Set the records down again, exactly, without their images.

Dataset entries

┄┄┄┄┄┄┄┄┄┄┄┄┄┄┄┄┄┄┄┄

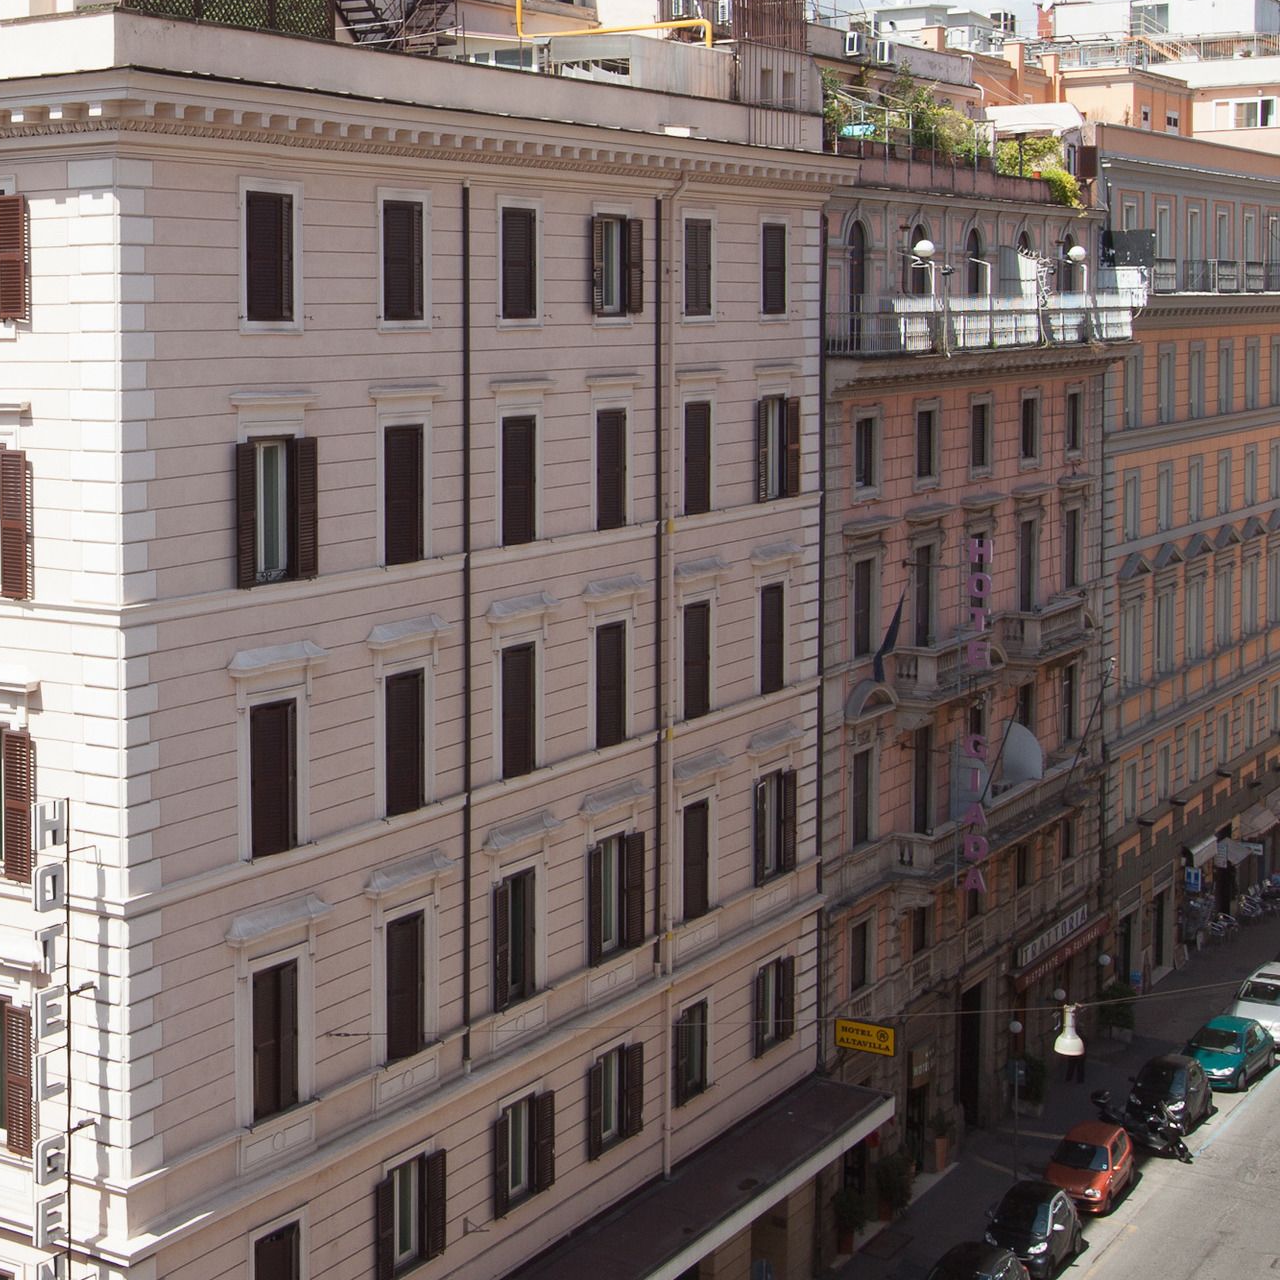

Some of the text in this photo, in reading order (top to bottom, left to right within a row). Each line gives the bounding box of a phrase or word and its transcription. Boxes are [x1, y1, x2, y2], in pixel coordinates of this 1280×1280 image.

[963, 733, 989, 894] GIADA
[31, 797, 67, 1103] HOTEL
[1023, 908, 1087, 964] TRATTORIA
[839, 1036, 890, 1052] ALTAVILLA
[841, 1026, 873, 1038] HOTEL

┄┄┄┄┄┄┄┄┄┄┄┄┄┄┄┄┄┄┄┄

### Result of this exercise
Some of the text in this photo, in reading order (top to bottom, left to right within a row). Each line gives the bounding box of a phrase or word and its transcription. Boxes are [x1, y1, x2, y2], in pixel coordinates of this 1280×1280 image.

[963, 733, 989, 894] GIADA
[31, 797, 67, 1103] HOTEL
[1023, 908, 1087, 964] TRATTORIA
[839, 1036, 890, 1052] ALTAVILLA
[841, 1026, 873, 1038] HOTEL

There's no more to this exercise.